What do you think elderly actually means?
From a purely prescriptive perspective, it means old. Which is fine and dandy when using the adjective in a wholly objective manner. Gets used a lot in medical/scientific literature in that fashion.
From a descriptive linguistics perspective it functions to flesh out a picture.
What the fleshing out intends to convey depends on the user and is coloured by factors like their culture, perspective and motivation. It is not necessarily a neutral, objective observation.
The intent behind its inclusion is not always devoid of bias, or without agenda. "An elderly grandmother" was used relentlessly by the alt-right to undermine the perception that Hillary was strong enough and well enough to take on a presidential role.

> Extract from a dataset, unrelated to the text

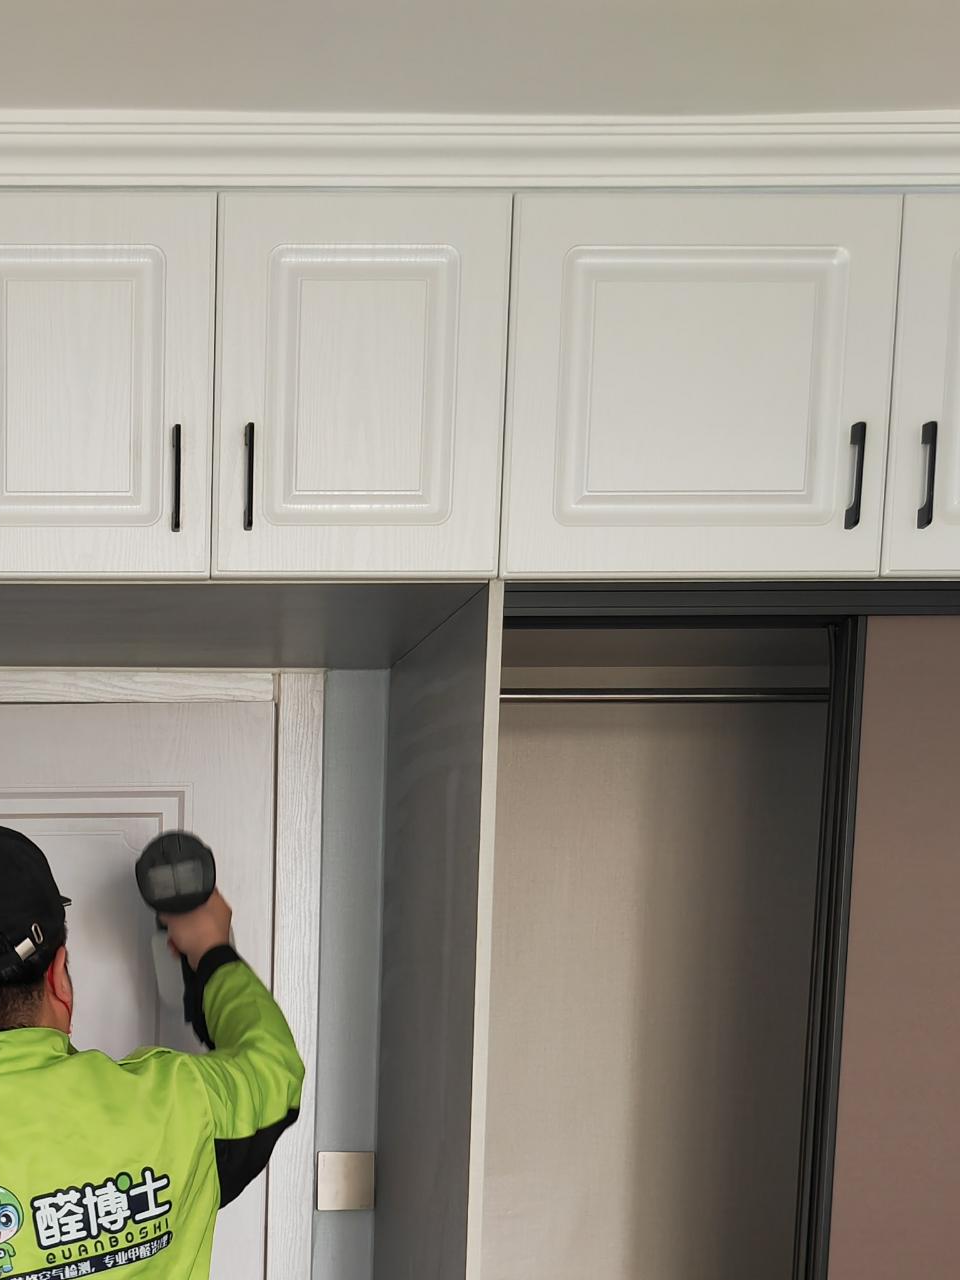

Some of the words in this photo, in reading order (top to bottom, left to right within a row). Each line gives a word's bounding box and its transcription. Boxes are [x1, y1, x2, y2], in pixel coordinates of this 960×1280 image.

[30, 1168, 171, 1248] 醛博士
[45, 1217, 169, 1264] QUANBOSHI

Going back to the example on this thread, "An elderly woman, 74" might reflect that a reporter had been informed (but as yet not allowed to report) that the missing woman was suffering from frailties we associate with advanced years.
Depending on the circs of how she went overboard, it might be setting up an image to underline how defenceless she was, if she was pushed for example. Or prepping an intended story line to explain a suicide. Or creating a hypothetical basis for an accident. Or to underline just how mysterious her going overboard was, cos her being able to climb over barriers like a spritely mountain goat was a long shot.

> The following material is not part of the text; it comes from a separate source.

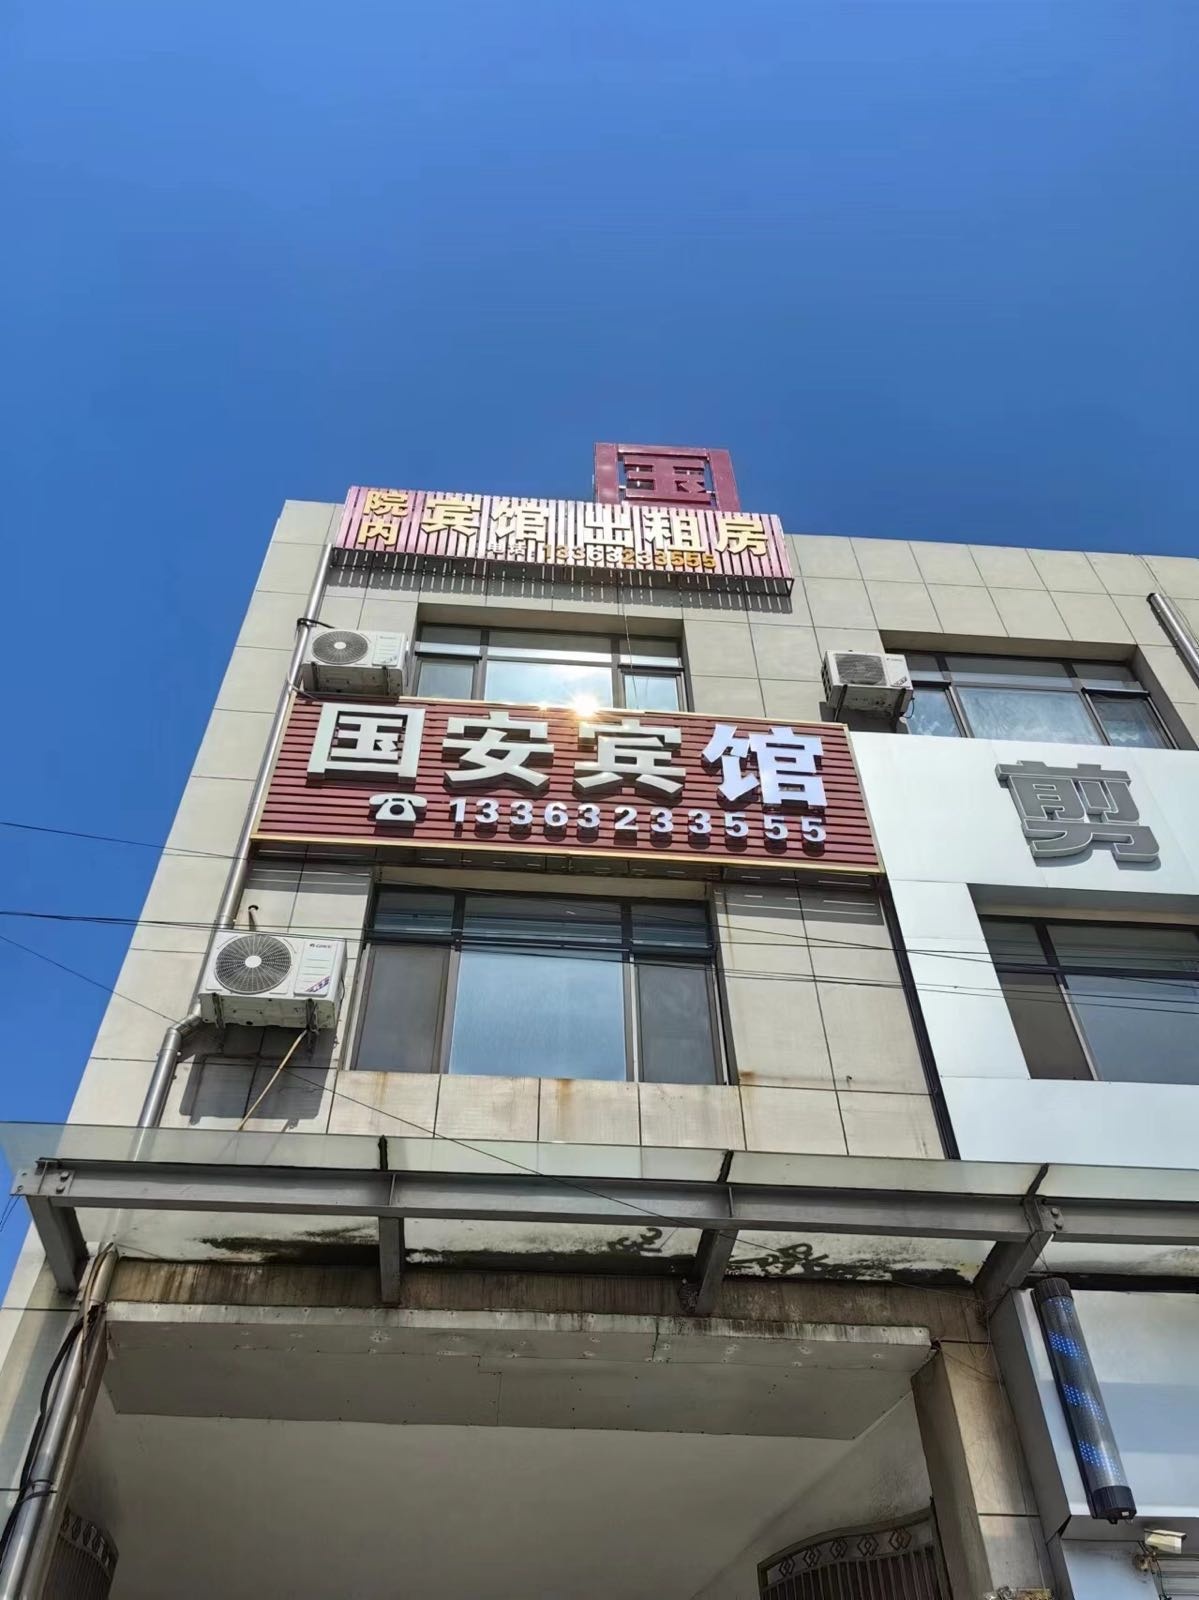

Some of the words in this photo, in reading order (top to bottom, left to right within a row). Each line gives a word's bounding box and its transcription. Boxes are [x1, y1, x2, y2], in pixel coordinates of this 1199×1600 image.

On the other hand, it might just reflect that the reporter is a fairly young snotbag, who thinks everybody over 50 is pretty much past it, and is subconsciously thinking "let's not get too excited about this particular case cos she had one and half feet in the grave already".
It is also possible there was a minimum word count for the report. There was little info to be had, so it functioned as padding and "old" felt too blunt.
Words mean not just what they mean in a purely prescriptive sense. How we use them, why we use them, brings layer upon layer of communication on top.
And it is bloody fascinating.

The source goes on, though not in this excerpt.